Indicate how often, on average, the delivery occurs. This becomes an important metric for collaborative transportation between producers. If the delivery frequency is irregular, select ‘Other’ and provide details about the delivery in the text box that appears.

What part of the year the delivery occurs

Seasonal transportation of goods is a major part of the BC food system. Identify the months of the year when deliveries occur using the checkboxes, or select ‘Year-Round’ if applicable.

Transport Type (e.g., Refrigerated)

Choose between refrigerated, frozen, normal, or ‘Other’ as your transport type. This information is critical when exploring opportunities for collaborative transportation between producers.

Room for Additional Products

If you have extra room in a delivery for additional products, let other producers know. The model allows filtering of supply chain connections to include only those with room for additional products. This feature enables users to find opportunities for transport-related collaboration. If you select yes, provide specific details about the available space and any other relevant details about your transport routes.

Optional Fields

The last prompt is for optional information. While additional details are helpful, they are not always necessary or desired by the user. To make these fields relevant to a supply chain link with multiple products and/or destinations, consider adding separate connections individually. By only entering one destination in this form and clicking ‘Add another connection’ upon submission, you can be more specific and take greater control over your representation in the model.

For detailed tracking of your own supply chain, contact your local sponsor organization or

Relevant ‘tags’

Select one or multiple applicable tags.

KG per Shipment

The average weight of each shipment.

Units per Shipment

The average number of units in each shipment.


After you’ve submitted your connection, it will be visible on the live model within 1 minute.

To remove a supply chain link

*This process has recently changed. Expect the documentation to reflect the change in the next iteration due for release in Feb, 2024.

Make Requests

Your participation is crucial in shaping the evolution of the platform to align with the diverse needs and goals of stakeholders in the food supply chain. We encourage you to actively provide feedback, make feature requests, and share insights specific to your role and challenges within the food industry.

In its early stages, the platform is uniquely positioned to adapt and incorporate stakeholder input, ensuring its tools and functionalities are both useful and applicable to individual producers facing varying challenges.

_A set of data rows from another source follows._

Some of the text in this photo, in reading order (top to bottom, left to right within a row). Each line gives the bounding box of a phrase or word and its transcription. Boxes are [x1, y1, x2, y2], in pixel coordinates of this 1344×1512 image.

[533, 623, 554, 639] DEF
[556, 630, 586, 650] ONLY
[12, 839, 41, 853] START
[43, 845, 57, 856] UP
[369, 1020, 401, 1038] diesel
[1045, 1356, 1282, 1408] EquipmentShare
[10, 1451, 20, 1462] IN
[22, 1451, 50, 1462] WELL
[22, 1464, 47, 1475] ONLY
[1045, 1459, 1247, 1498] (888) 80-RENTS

Contribute to this dynamic development process by accessing the feedback portal at Your contributions are invaluable in shaping a platform that truly reflects the needs of the food supply chain community.

Using the Models

Using the models is quite straightforward, but there are some tips that should help shorten the learning curve. The interface for each of the two types of models is very similar, and functionalities shared between them are detailed below. Functionalities specific to either the Regional or Main models will be identified with ‘Regional models only’ or ‘All Regions model only’. Whether you’ve added your organization to the BC Food Supply Chain Model or not, you can view both the main and regional models at The usage of the model can vary from basic click-and-drag exploration of the food network to advanced filtering and geographic representations that utilize data across multiple scales. The platform is continually evolving, with development happening in tandem with the live version. Updates and new data are made available to all users as they are implemented. Information about new updates and functionalities will be communicated through the platform and the BC Food Supply Chain Newsletter.

Types of Models

Users have two options in the Food Supply Chain Model: the ‘All Regions’ model and ‘Local’ models. Both are similar but cater to different use cases.

Main (all regions) Model

Provides an overview of the entire dataset, ideal for large-scale planning and diagnostics.

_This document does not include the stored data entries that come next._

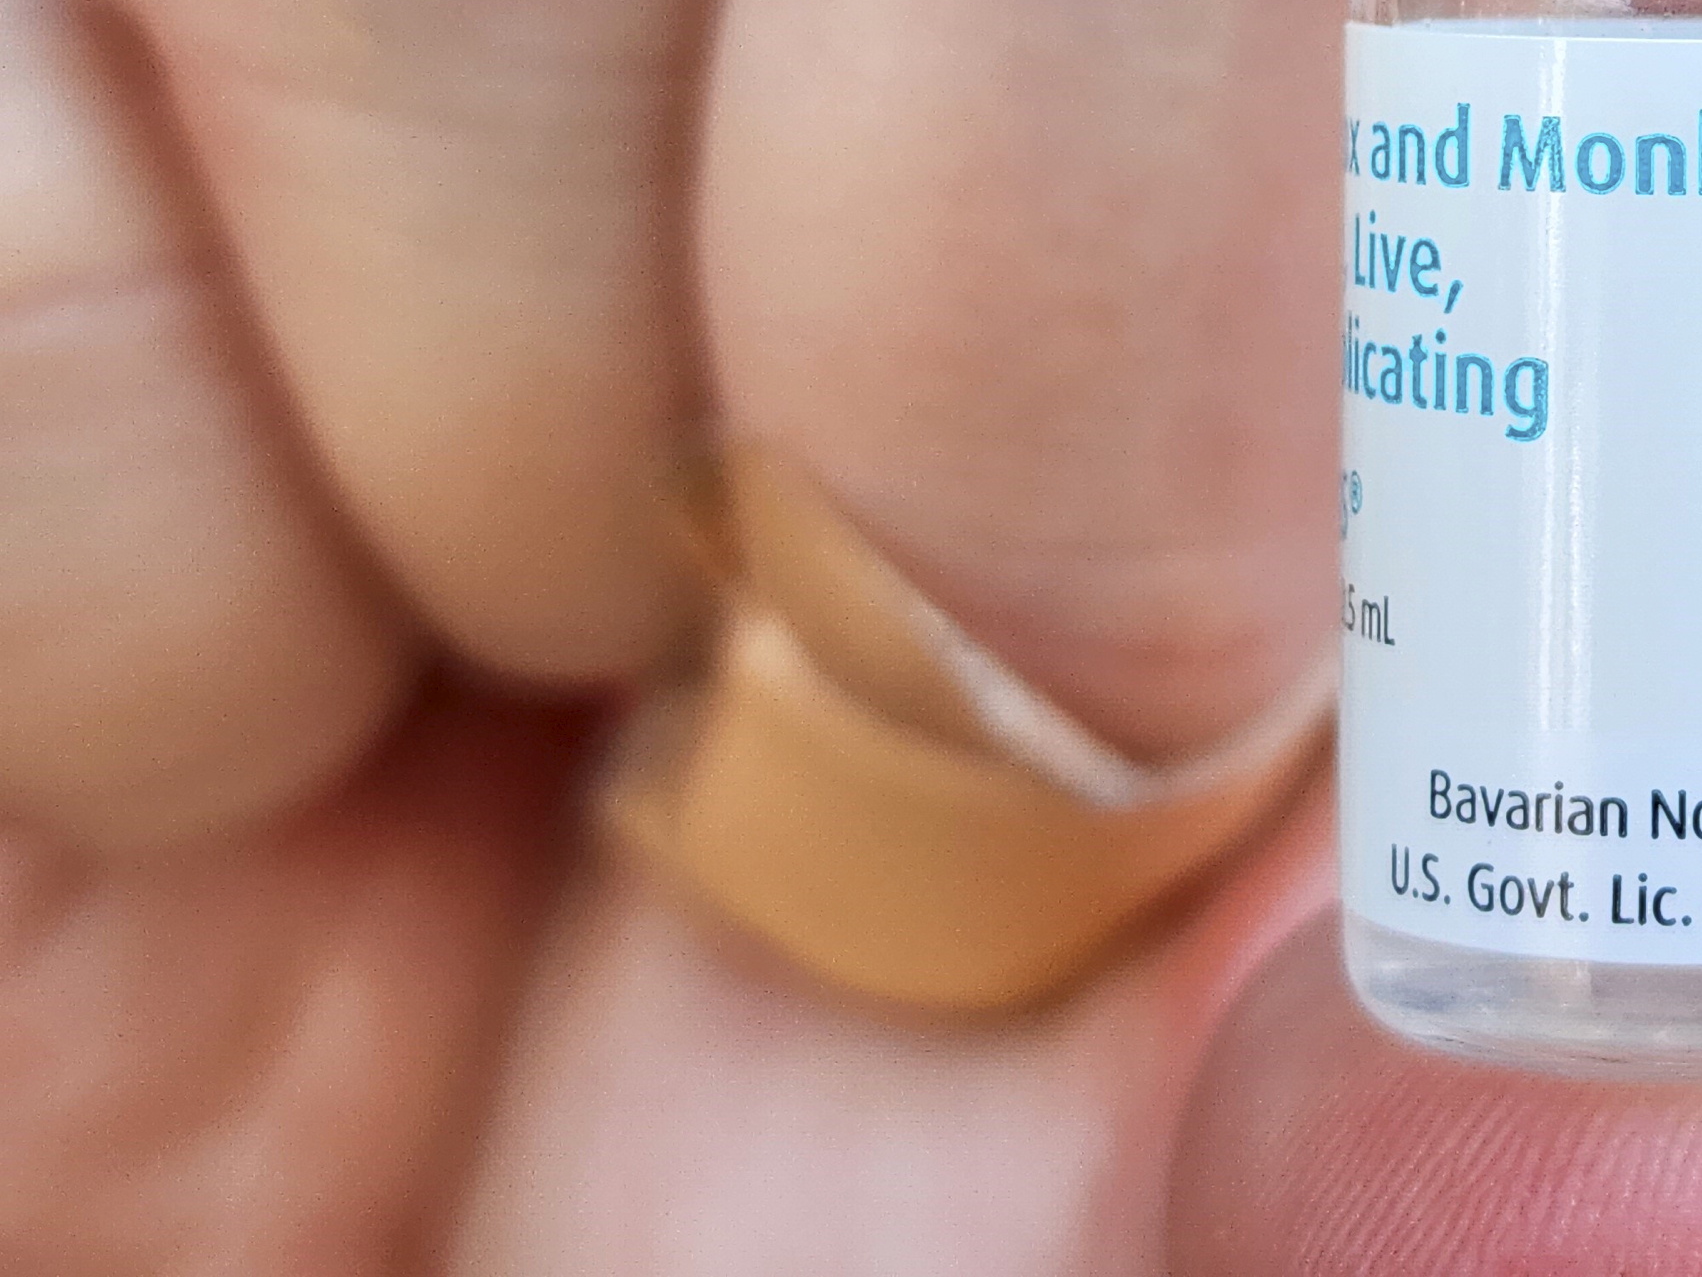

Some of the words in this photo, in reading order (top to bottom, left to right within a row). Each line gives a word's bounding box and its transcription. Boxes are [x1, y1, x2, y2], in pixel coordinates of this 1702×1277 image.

[1370, 101, 1471, 188] and
[1354, 209, 1464, 315] Live,
[1360, 594, 1396, 647] mL
[1429, 768, 1629, 838] Bavarian
[1391, 842, 1451, 905] U.S.
[1467, 862, 1590, 922] Govt.
[1611, 872, 1693, 927] Lic.

BC Food Supply Chain - Model Screenshot
Regional Models

Offer a detailed view of supply chain activities starting or ending in a specific food region. These models are particularly useful for region-specific initiatives and planning. They enable a more thorough understanding of the unique supply chain characteristics specific to each region.

BC Food Supply Chain - Model Screenshot
General navigation

Click and drag any element or connection, interact and organize the model to suit your use case
Hover over an element or connection to fade others into the background and allow you to quickly get a sense of all its connections and connected elements. *This will also display a popup giving details about either the connection or the element.
Click any element or connection to view its information pane. This pane displays on the left side of the model. To open or close the pane, look for 3 dots on the left edge of the screen.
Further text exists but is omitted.